Plainly put, the guidance stipulates that the FDA will clear new vaccines for high-risk people while demanding “robust, gold-standard data” for those at a low risk for severe COVID outcomes, the officials wrote. The new approach points to vaccine recommendations used in other countries, rejecting the U.S.’s prior “one-size-fits-all” regulatory framework.

The guidance represents the clearest explanation of the new administration's approach to COVID vaccines to date, although rumblings of such a position have been percolating for weeks.

Earlier this month, the Department of Health and Human Services alluded to a stricter approach in a statement declaring that “all new vaccines will undergo safety testing in placebo-controlled trials prior to licensure.”

While placebo testing is already standard practice for novel vaccines, yearly updates to flu and COVID shots haven’t been required to showcase new efficacy data. Makary and Prasad clarified in their new framework that the COVID policy is separate from that of flu vaccines due to the differences between the viruses' mutational evolution, which suggests that immunity from COVID vaccines “may not require annual updates," they wrote.

It remains unclear how exactly the new COVID standards will play out with updated vaccines, as the FDA will opt to “let science tell us” instead of continuing with the typical practice of annualized updates, Prasad said at a Tuesday town hall.

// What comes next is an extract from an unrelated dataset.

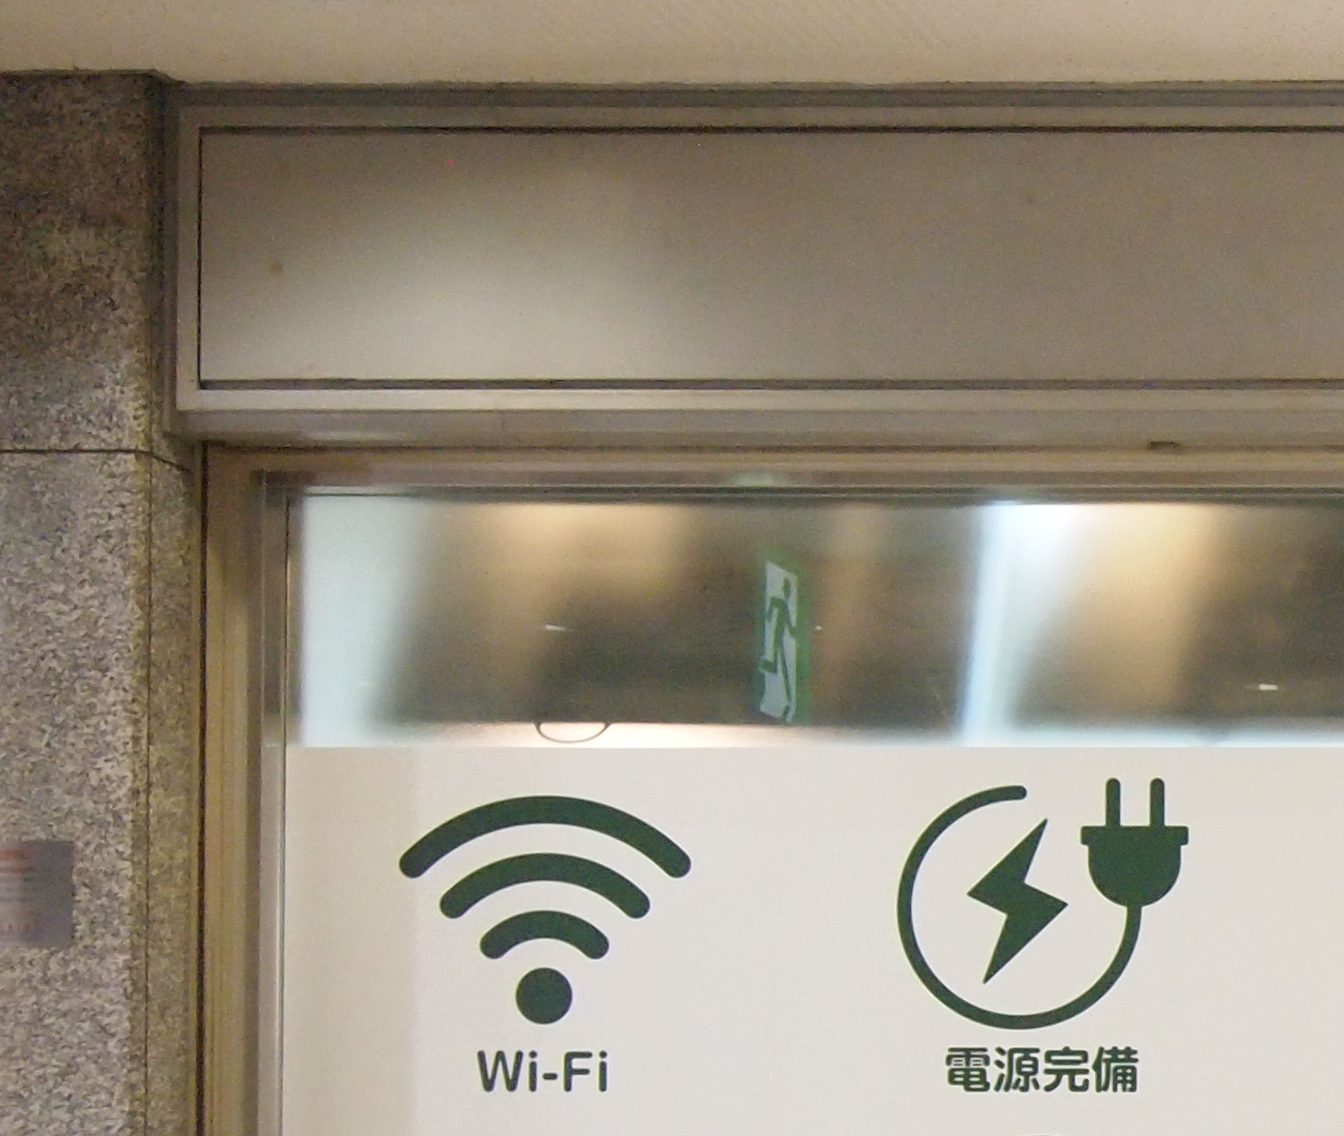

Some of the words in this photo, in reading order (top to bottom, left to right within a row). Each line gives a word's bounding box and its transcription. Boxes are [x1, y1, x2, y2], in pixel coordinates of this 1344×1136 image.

[476, 1050, 608, 1093] Wi-Fi
[945, 1045, 1139, 1093] 電源完備

“I don’t envision randomized trials every year, but I do think we have an obligation every few years,” the CBER head said.

Meanwhile, the FDA’s vaccine advisory committee is set to meet on May 22 to discuss updated COVID vaccine formulas from Moderna, Pfizer and Novavax for the 2025-26 virus season. In its briefing document, the FDA noted that updating the current vaccines to better match new strains “may provide added benefit” for the anticipated rise in viral spread during the fall and winter.